These two exercises I encountered recently seem to develop some type of connection between GCD and LCM I can't quite figure out.
Exercise 1:
Find all the numbers $x$ and $y$ such that:
$a) \ GCD(x,y)=15, \ LCM(x,y)=150$ $b) \ GCD(x,y)=120 \ LCM(x,y)=1320$
$c) \ GCD(x,y)=100 \ LCM(x,y)=990$
Exercise 2:
Find all the numbers $m,n$ such that $GCD(m,n)=pq , \ LCM(m,n)=p^2qs$
where $p,q,s$ are prime
The first thing that is known to me is that $GCD(x,y) \cdot LCM(x,y)= x \cdot y$
Also $LCM(x,y)$ is at most $x \cdot y$ while $GCD(x,y)$ is at most $\max \{x,y\}$. Last thing is that $GCD(x,y)|LCM(x,y)$.
Using all this I tried to solve the first exercise:
$a)$ First two obvious pairs are $x=15, y=150$ and $y=15, x=150$. Now neither of the numbers can be bigger than $150$ or smaller than $15$. So we are looking for numbers in the range $15-150$ that satisfy $x \cdot y = 15 \cdot 150$ Another such pair is $(x,y)=(30,75), \ (x,y)=(75,30)$.
Similarly for $b)$ we find that the only possible values are permutations of the set {$120,1320$} and in $c)$ since $100$ does not divide $990$ no such numbers exist.
Now exercise 2 is what made me think there is actually another connection I'm not quite aware of since now it's about arbitrary prime numbers and the previous method doesn't work anymore.
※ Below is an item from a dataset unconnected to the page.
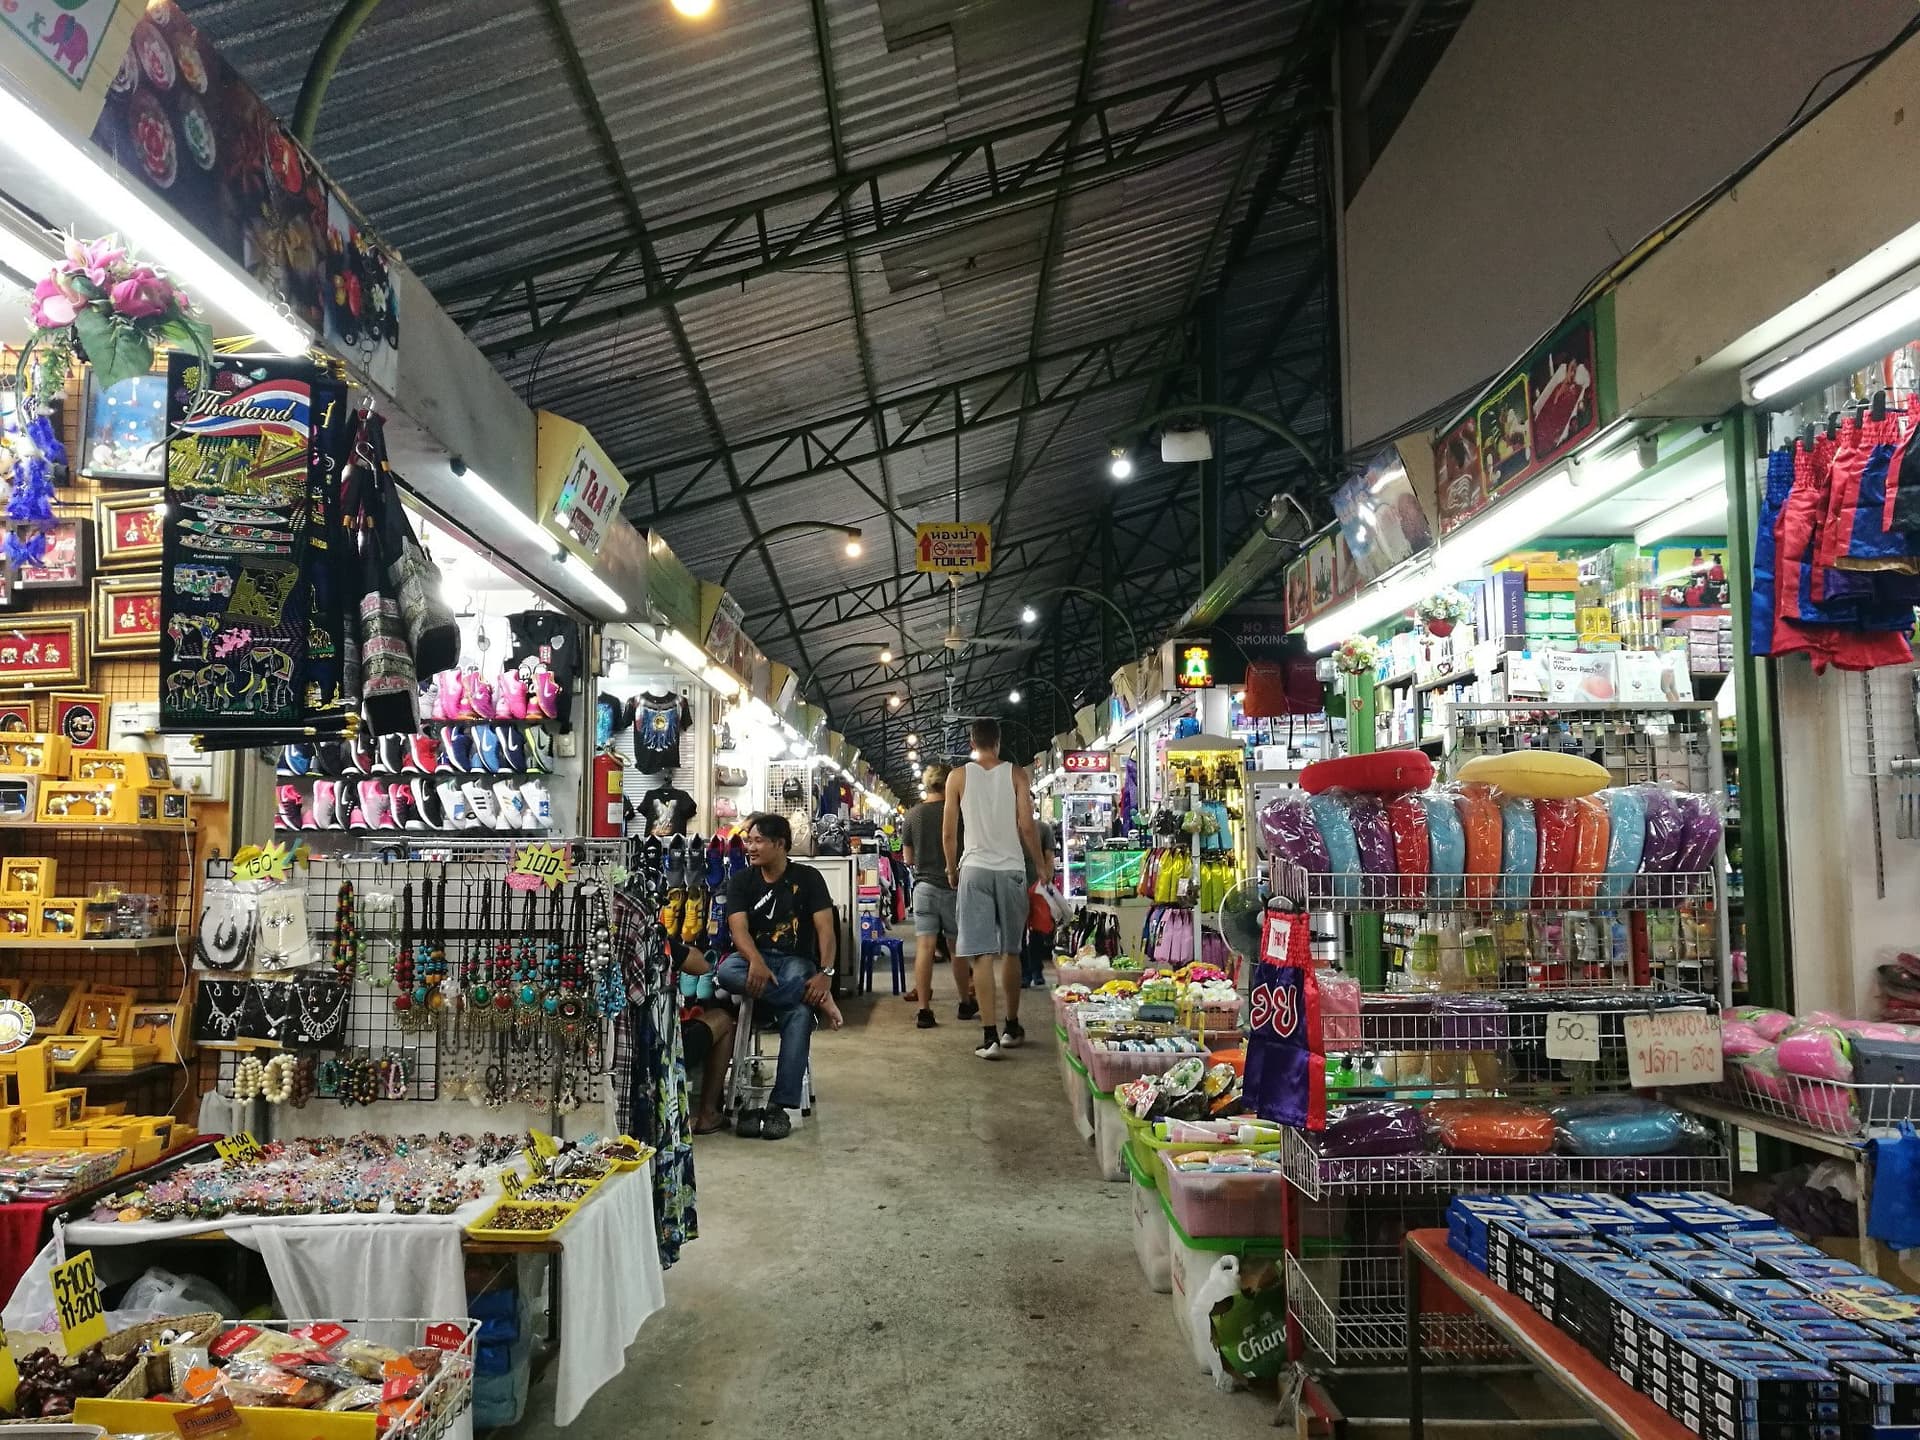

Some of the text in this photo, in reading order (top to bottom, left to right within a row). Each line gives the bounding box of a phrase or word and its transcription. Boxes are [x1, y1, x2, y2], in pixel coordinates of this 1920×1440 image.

My intuition is that it has something to do with $GCD$ or $LCM$ of the $GCD(x,y), \ LCM(x,y)$
Best Answer
$\begin{align}{\bf Hint}\ \ &\gcd(X,Y) = d,\ \ \ {\rm lcm}(X,Y) = m \ \ \ \text{yields by $\rm\color{#90f}{cancelling}$ $\,d\neq 0$}\\[.3em] \iff\ &\color{#0a0}{gcd(x,\,y)\ \ = 1},\qquad\ \ \, \color{#c00}{x\cdot y}\ =\, m/d,\ \ {\rm for}\ \ x = X/d,\,\ y = Y/d \end{align}$
$\begin{align}{\rm e.g.}\ \ \ &\gcd(X,Y) = 15,\ \, {\rm lcm}(X,Y) = 150\\[.3em] \iff\ &\gcd(x,\,y)\ \ =\ 1,\qquad\ \ \, x\cdot y\,\ =\,\ 10 \end{align}$
So it's equivalent to factoring $\,m/d = \color{#c00}{xy}\,$ into ${\rm \color{#0a0}{coprime}\ factors}\,\ \color{#0a0}{x,y}$.
This method quickly and simply solves all your problems.
$\rm\color{#90f}{Cancelling}$ to reduce to a coprime case is a common way to simplify homogeneous divisibility problems.